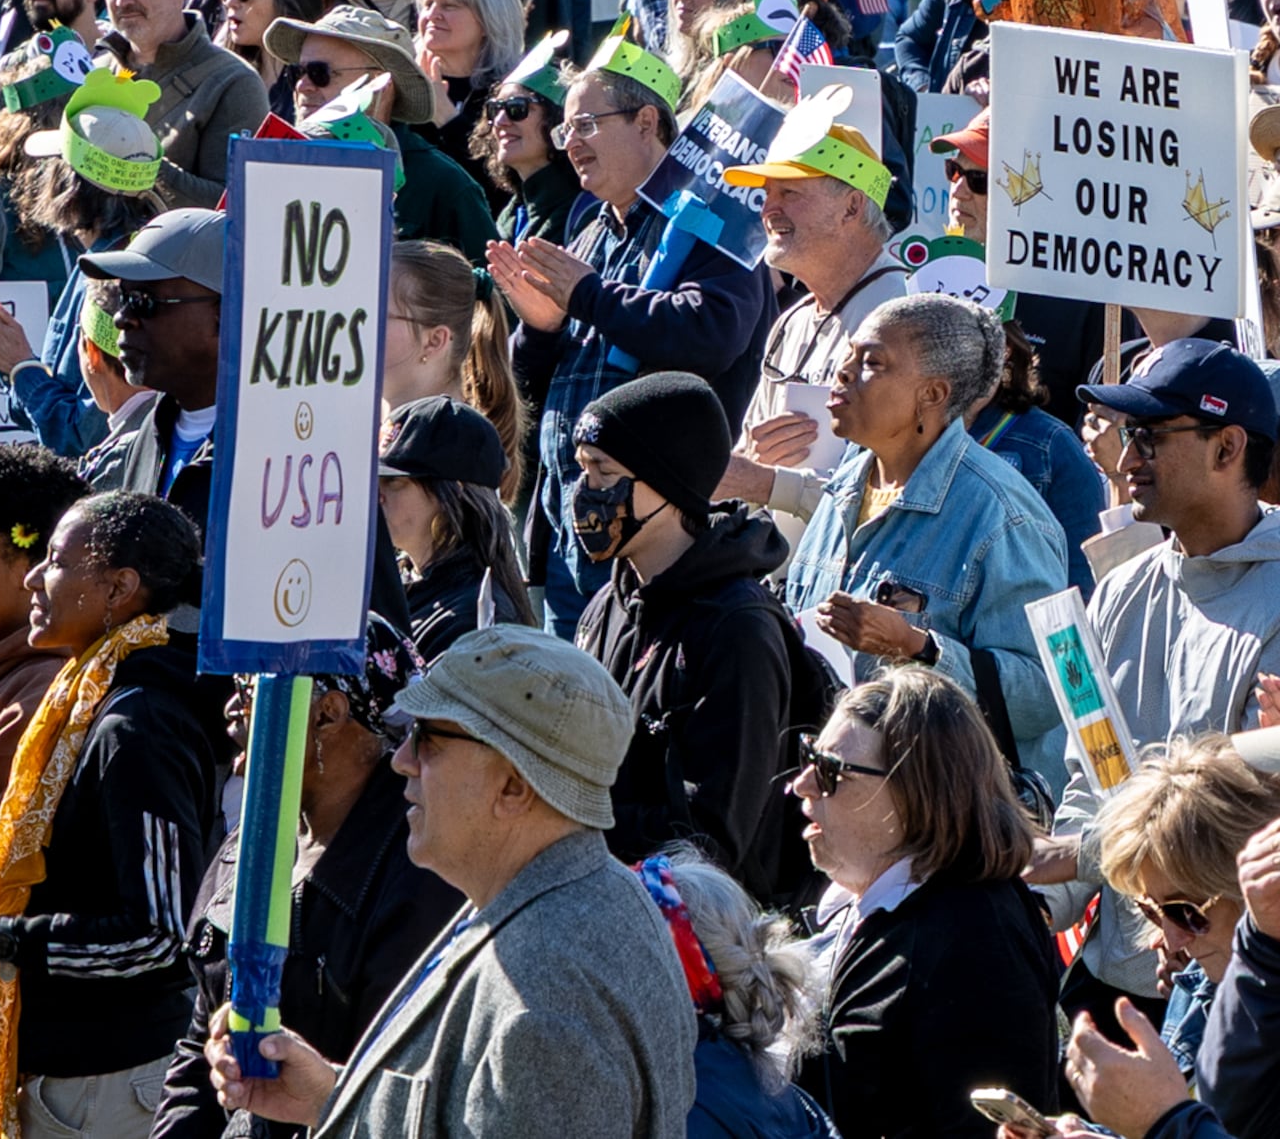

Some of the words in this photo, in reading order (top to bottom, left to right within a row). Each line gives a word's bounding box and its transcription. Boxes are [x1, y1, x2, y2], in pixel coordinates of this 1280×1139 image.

[1054, 56, 1100, 98] WE
[1120, 65, 1181, 109] ARE
[692, 106, 768, 166] VETERANS
[1054, 115, 1180, 167] LOSING
[670, 135, 768, 214] DEMOCRAC
[1076, 178, 1149, 225] OUR
[282, 199, 351, 287] NO
[1006, 229, 1223, 292] DEMOCRACY
[250, 307, 368, 389] KINGS
[261, 450, 344, 529] USA
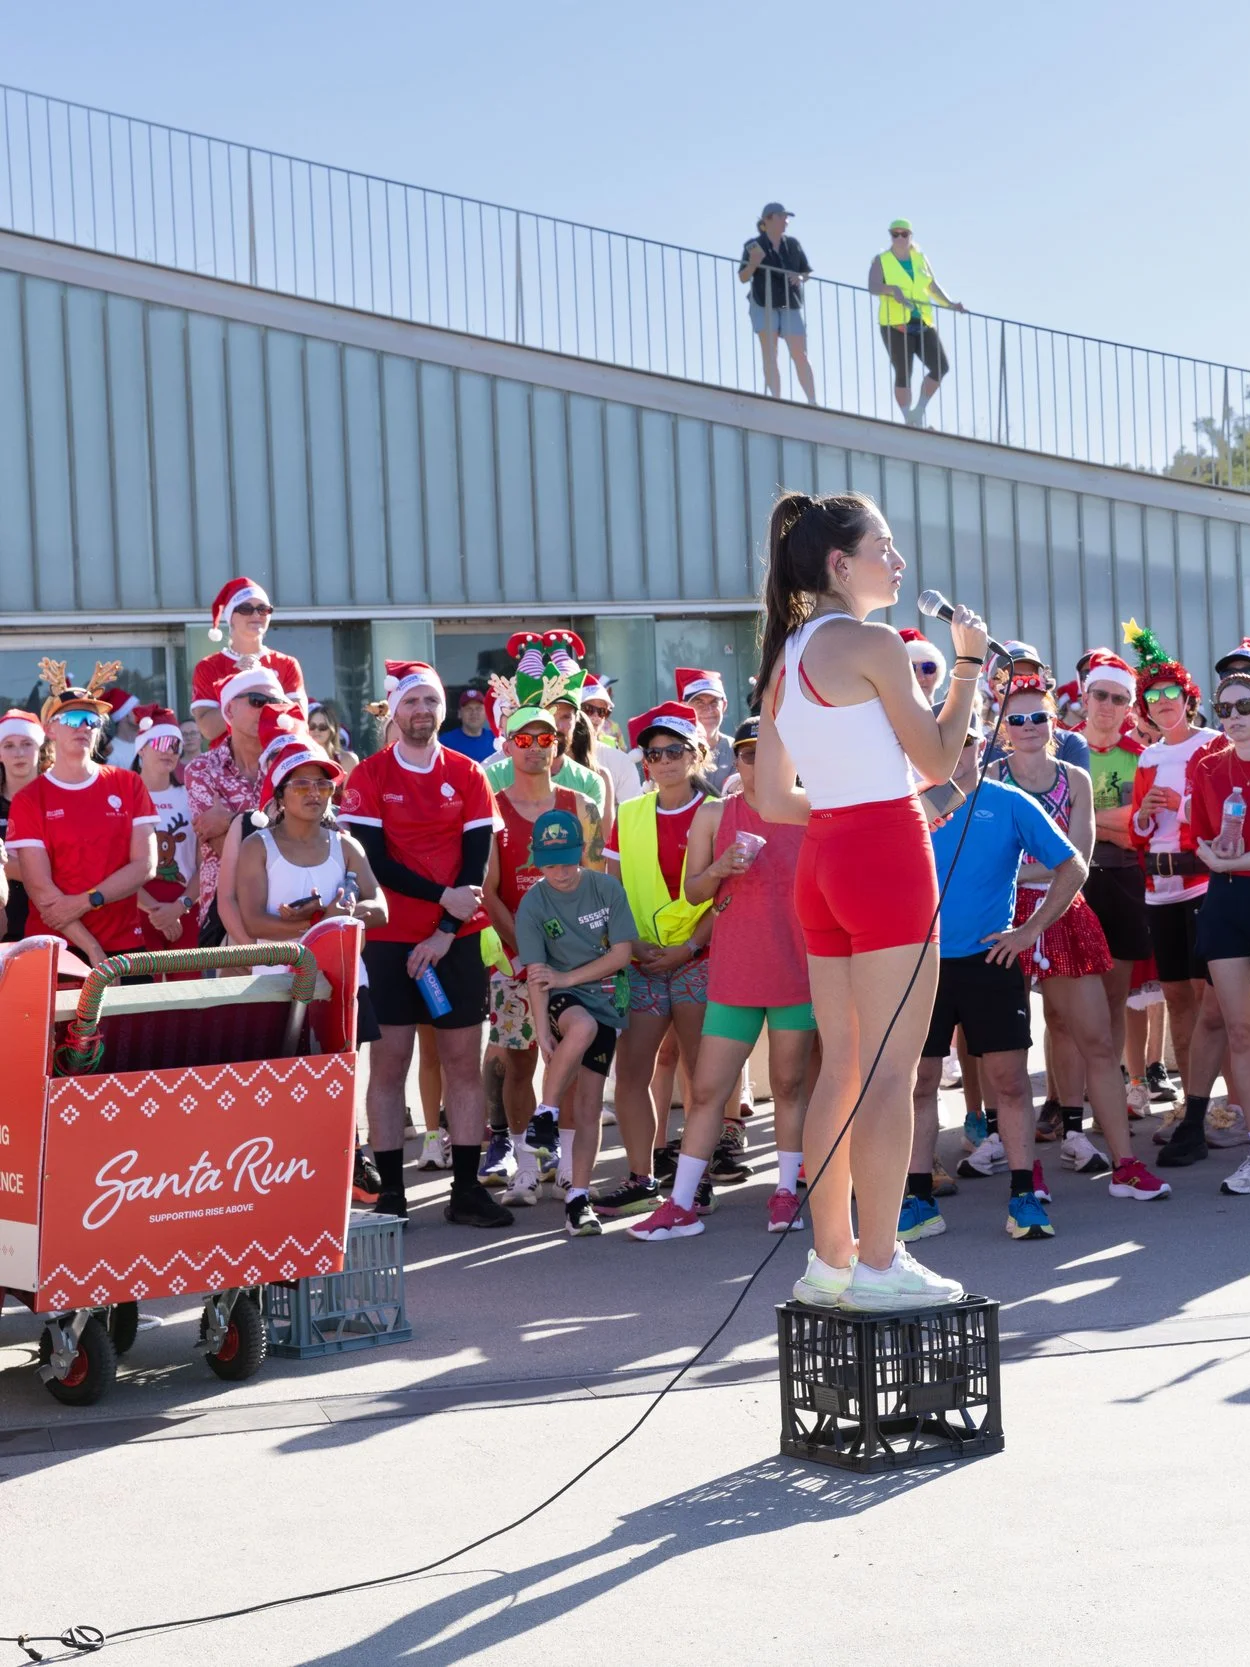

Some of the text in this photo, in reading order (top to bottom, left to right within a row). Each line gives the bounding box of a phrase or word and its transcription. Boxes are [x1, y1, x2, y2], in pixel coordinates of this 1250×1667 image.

[0, 1170, 25, 1195] NCE
[82, 1136, 316, 1230] Santa Run
[149, 1203, 254, 1223] SUPPORTING RISE ABOVE

▶ Work task: Return each record as written, minus its images.

▶ Your solution:
Some of the words in this photo, in reading order (top to bottom, left to right within a row). Each line gives a word's bounding box and its transcription. Boxes are [x1, y1, x2, y2], in pixel coordinates of this 1280×1139 image.

[1054, 56, 1100, 98] WE
[1120, 65, 1181, 109] ARE
[692, 106, 768, 166] VETERANS
[1054, 115, 1180, 167] LOSING
[670, 135, 768, 214] DEMOCRAC
[1076, 178, 1149, 225] OUR
[282, 199, 351, 287] NO
[1006, 229, 1223, 292] DEMOCRACY
[250, 307, 368, 389] KINGS
[261, 450, 344, 529] USA

Some of the text in this photo, in reading order (top to bottom, left to right within a row). Each line gives the bounding box of a phrase or word and its transcription. Boxes are [x1, y1, x2, y2], in pixel coordinates of this 1250×1667 image.

[0, 1170, 25, 1195] NCE
[82, 1136, 316, 1230] Santa Run
[149, 1203, 254, 1223] SUPPORTING RISE ABOVE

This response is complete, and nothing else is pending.